----- DATA FOR THIS TASK

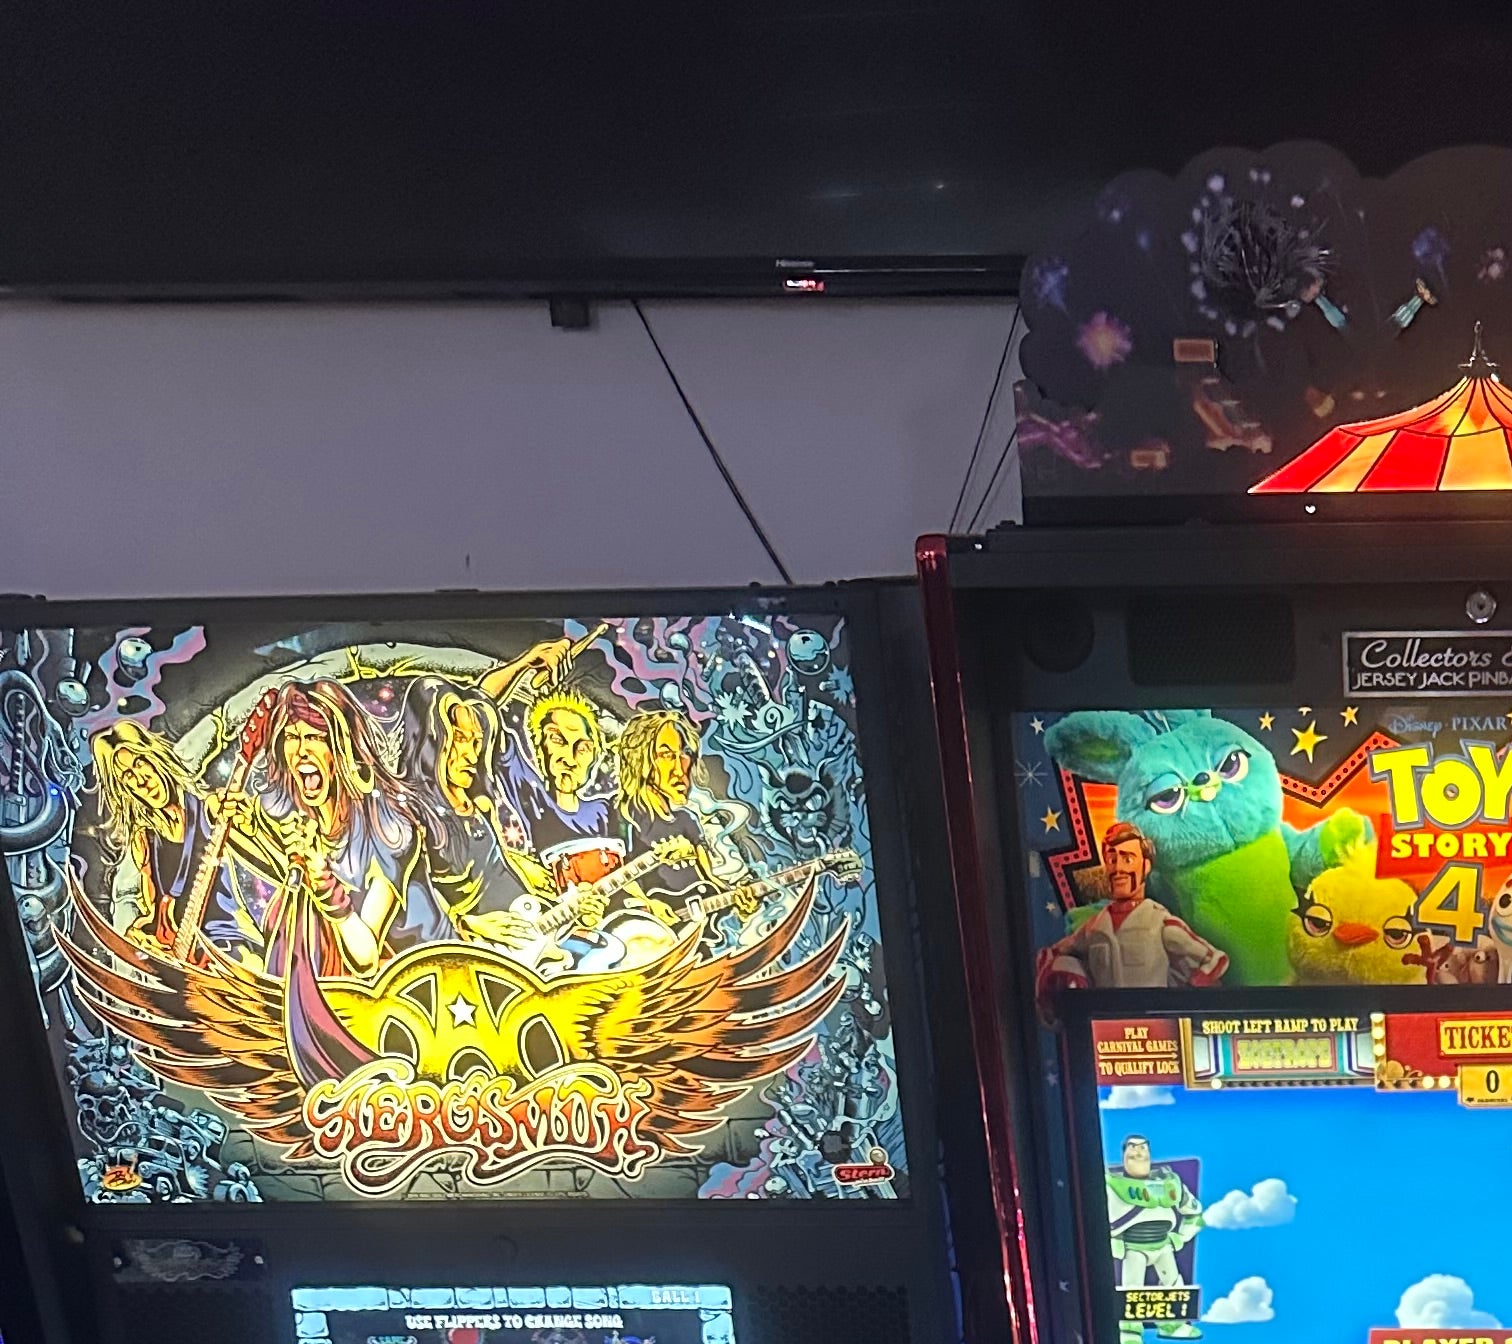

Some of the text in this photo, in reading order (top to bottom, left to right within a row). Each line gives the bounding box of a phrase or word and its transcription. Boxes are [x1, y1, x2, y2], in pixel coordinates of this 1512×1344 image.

[1360, 638, 1493, 669] Collectors
[1351, 670, 1416, 691] JERSEY
[1417, 671, 1466, 690] JACK
[1388, 714, 1509, 738] Disney PIXAR
[1390, 832, 1512, 858] STORY
[1411, 859, 1491, 949] 4
[1123, 1026, 1149, 1040] PLAY
[1202, 1017, 1359, 1035] SHOOT LEFT RAMP TO PLAY
[1097, 1039, 1178, 1054] CARNIVAL GAMES
[1099, 1061, 1180, 1076] TO QUALIFY LOCK
[1485, 1069, 1499, 1094] 0
[839, 1168, 888, 1181] Stern
[651, 1290, 691, 1305] BALL
[1124, 1302, 1176, 1319] LEVEL
[405, 1314, 624, 1330] USE FLIPPERS TO CHANGE SONG
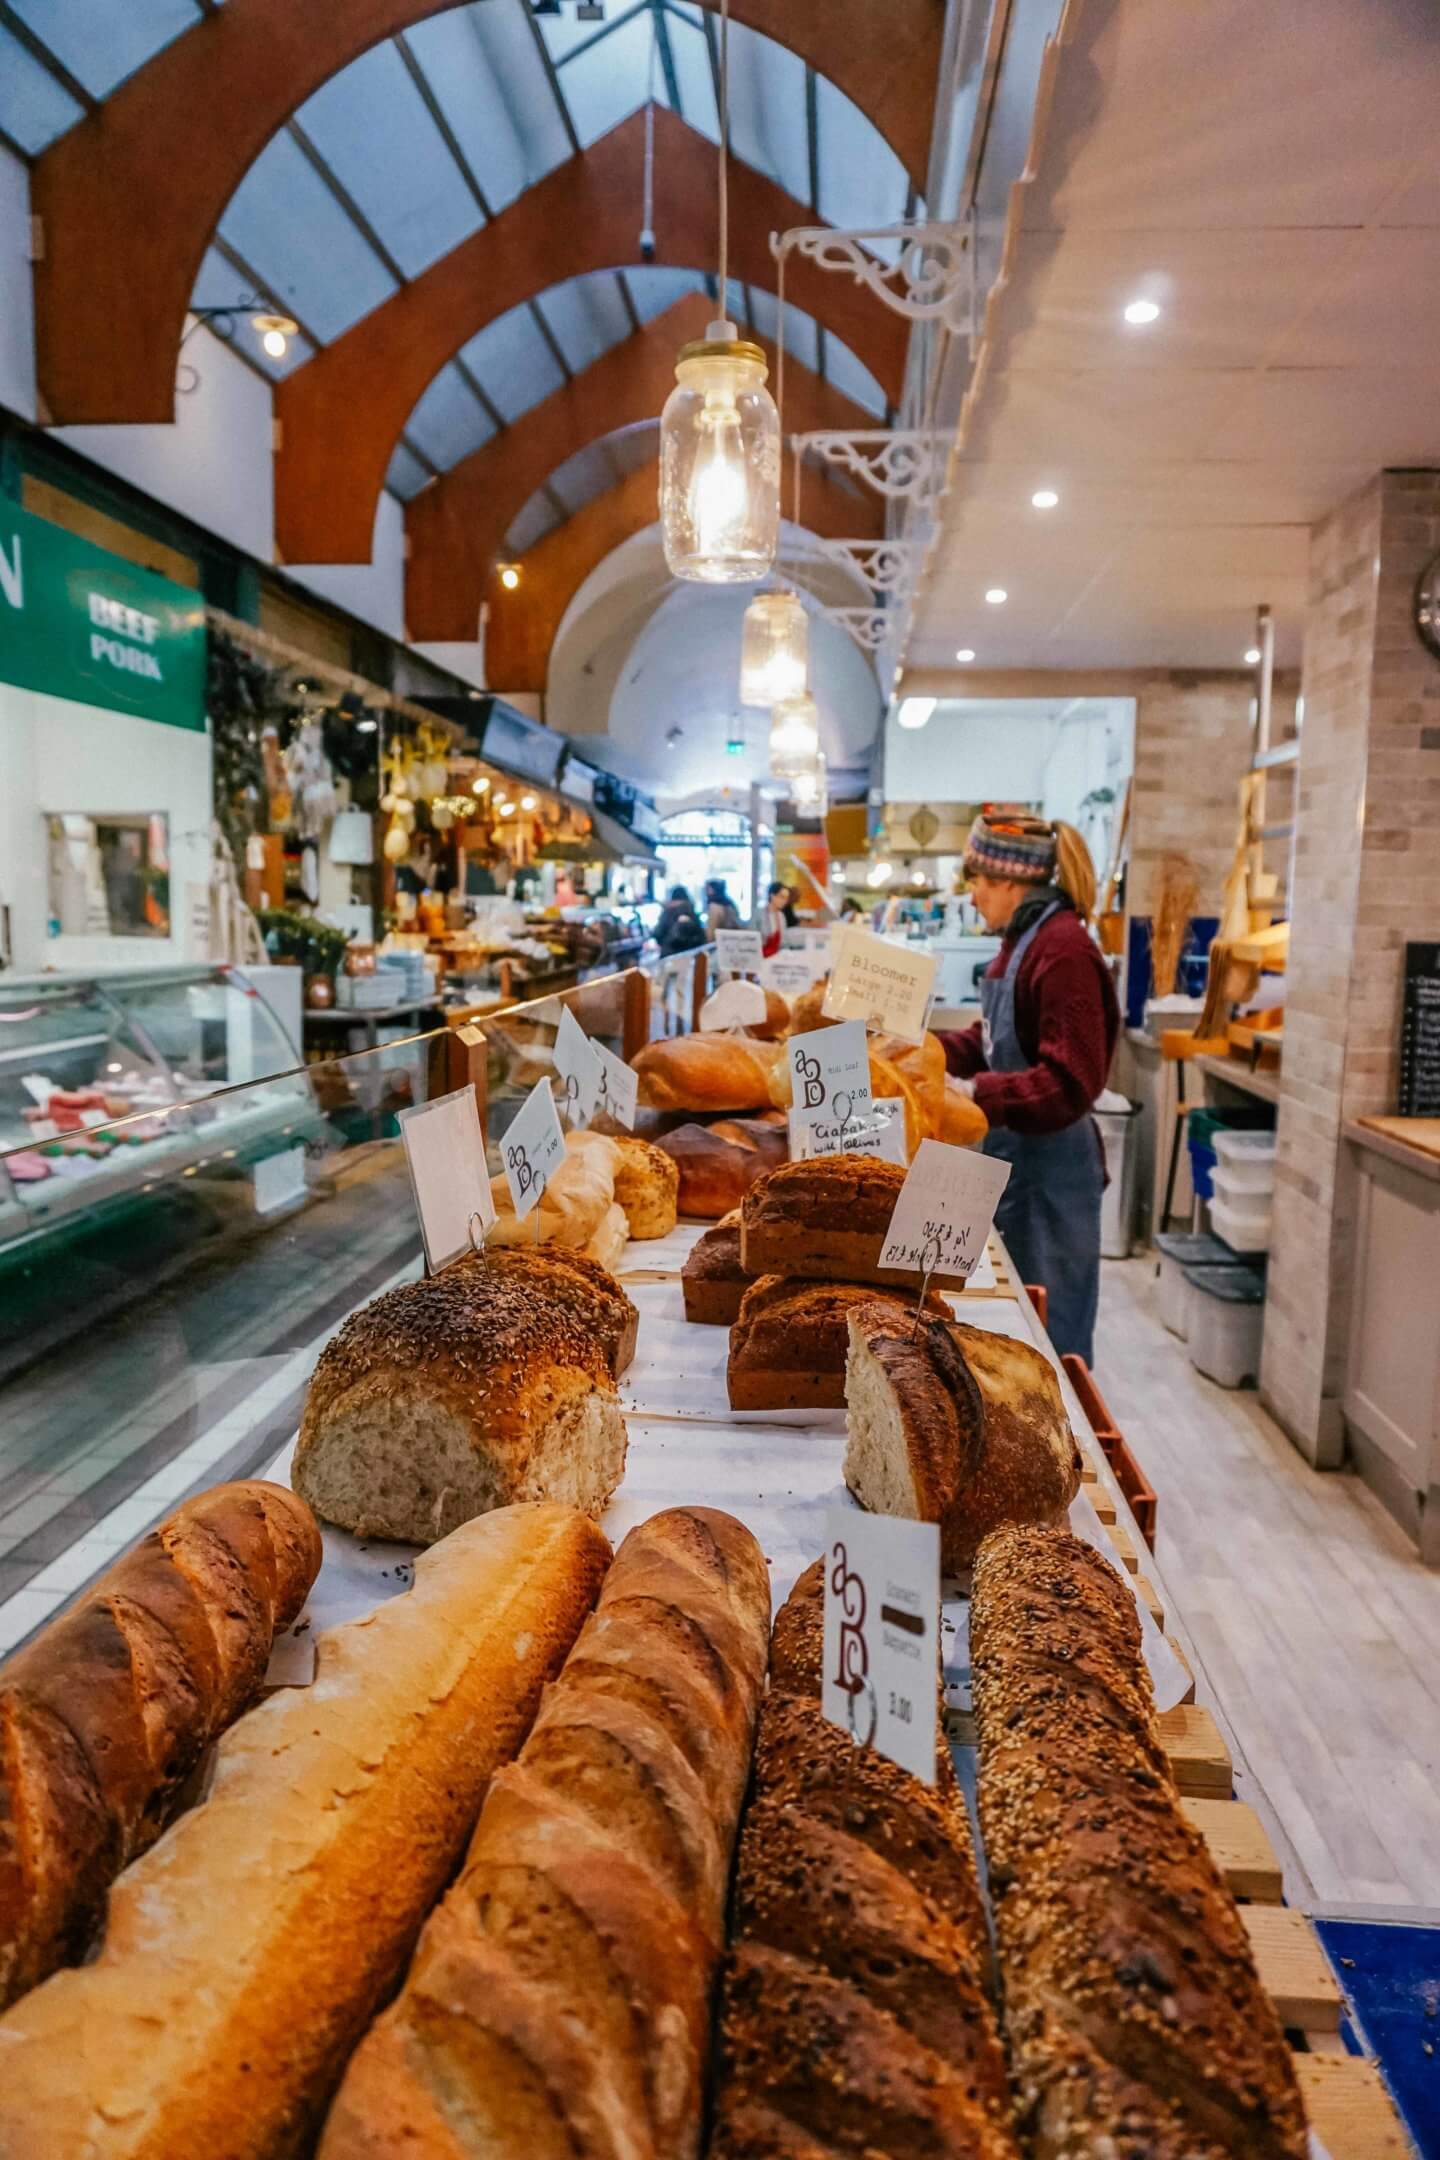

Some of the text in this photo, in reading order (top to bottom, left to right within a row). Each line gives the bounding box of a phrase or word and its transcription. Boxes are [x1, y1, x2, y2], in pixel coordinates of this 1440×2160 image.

[88, 592, 160, 645] BEEF
[90, 633, 162, 681] PORK
[851, 954, 918, 987] Bloomer
[851, 1088, 868, 1100] 2.00

----------

EXERCISE GOAL >>
Please reproduce the listing exactly, leaving out any pictures.

ANSWER BOX >>
Some of the text in this photo, in reading order (top to bottom, left to right within a row). Each line gives the bounding box of a phrase or word and its transcription. Boxes are [x1, y1, x2, y2], in pixel coordinates of this 1512×1344 image.

[1360, 638, 1493, 669] Collectors
[1351, 670, 1416, 691] JERSEY
[1417, 671, 1466, 690] JACK
[1388, 714, 1509, 738] Disney PIXAR
[1390, 832, 1512, 858] STORY
[1411, 859, 1491, 949] 4
[1123, 1026, 1149, 1040] PLAY
[1202, 1017, 1359, 1035] SHOOT LEFT RAMP TO PLAY
[1097, 1039, 1178, 1054] CARNIVAL GAMES
[1099, 1061, 1180, 1076] TO QUALIFY LOCK
[1485, 1069, 1499, 1094] 0
[839, 1168, 888, 1181] Stern
[651, 1290, 691, 1305] BALL
[1124, 1302, 1176, 1319] LEVEL
[405, 1314, 624, 1330] USE FLIPPERS TO CHANGE SONG

Some of the text in this photo, in reading order (top to bottom, left to right within a row). Each line gives the bounding box of a phrase or word and its transcription. Boxes are [x1, y1, x2, y2], in pixel coordinates of this 1440×2160 image.

[88, 592, 160, 645] BEEF
[90, 633, 162, 681] PORK
[851, 954, 918, 987] Bloomer
[851, 1088, 868, 1100] 2.00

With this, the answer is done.